企業が雇用する弁護士の人数が今年初めて1千人を超え、5年前と比べて約3倍になったことが分かった。積極的な海外進出に伴って、企業はM&A(合併・買収)や法務リスクに素早く対処する必要に迫られている。社内弁護士を増やし、実務に沿った機敏な対応をとる会社が増えている。
社内弁護士などでつくる日本組織内弁護士協会(JILA)によると、企業が雇用する弁護士数は2013年6月時点で965人だった。一方、日本弁護士連合会のまとめでは、昨年末に司法修習を終えた新人弁護士で今年企業に就職した者が58人。両方を加えると1023人となる。社内弁護士数は09年6月時点で354人にとどまっていた。(日本経済新聞 4月14日)
法務部の強化が良策であることには違いないが、意外な盲点もあるという。教えてくれたのは危機管理コンサルタントで武蔵野学院大学客員教授の平塚俊樹氏だ。平塚氏は多くの企業で法務顧問を務めている海千山千のプロフェッショナルである。
「法務部を強化しても、法務部は社内で後方支援の位置にいるべきです。法務部が会社の前面に出ると、法律で武装した会社というイメージができてしまいます」。

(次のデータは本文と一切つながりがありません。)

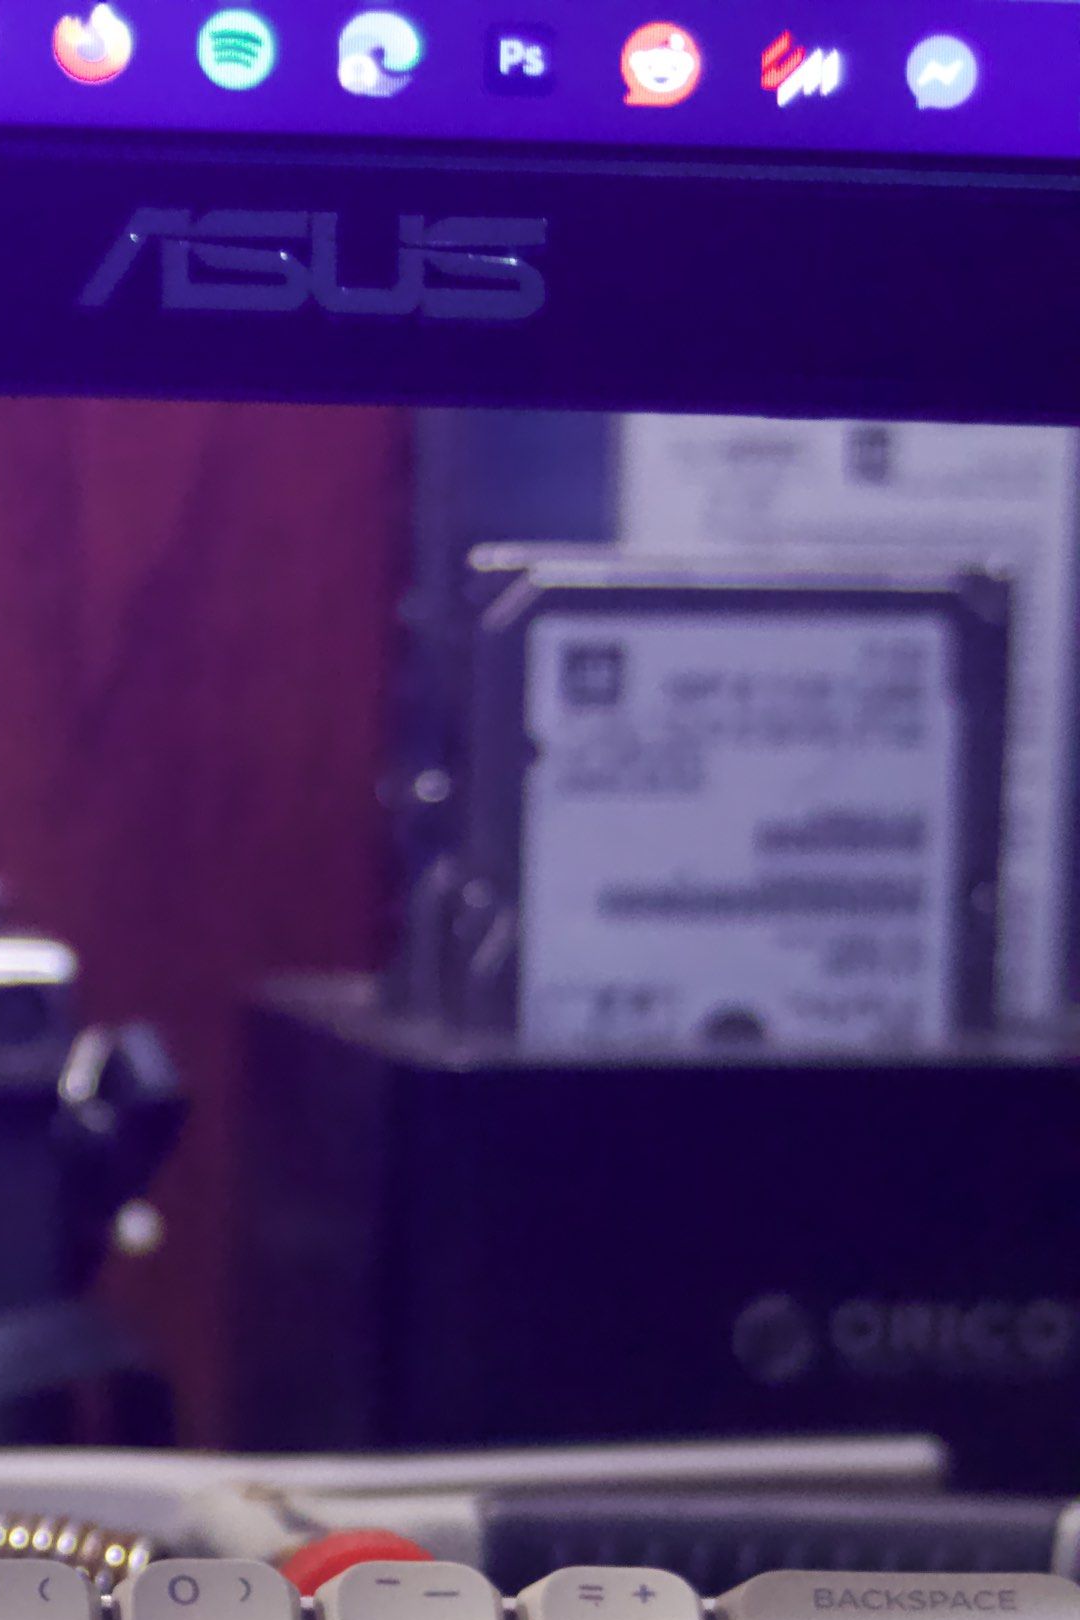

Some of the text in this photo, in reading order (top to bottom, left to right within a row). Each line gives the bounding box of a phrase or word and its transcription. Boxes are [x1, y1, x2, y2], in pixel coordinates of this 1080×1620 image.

そんなイメージができると何が困るのかと言えば、取引先や消費者の目に“すぐに法的措置を取ってくる会社”と映ってしまうのだ。コワモテをイメージさせたところで何の得にもならない。
法務に関しては、コンプライアンス遵守にも盲点がある。「法律の条文に抵触しなければ何をやってもよい」という法律原理主義に陥りかねないのだ。経営判断の拠り所はあくまで常識にある。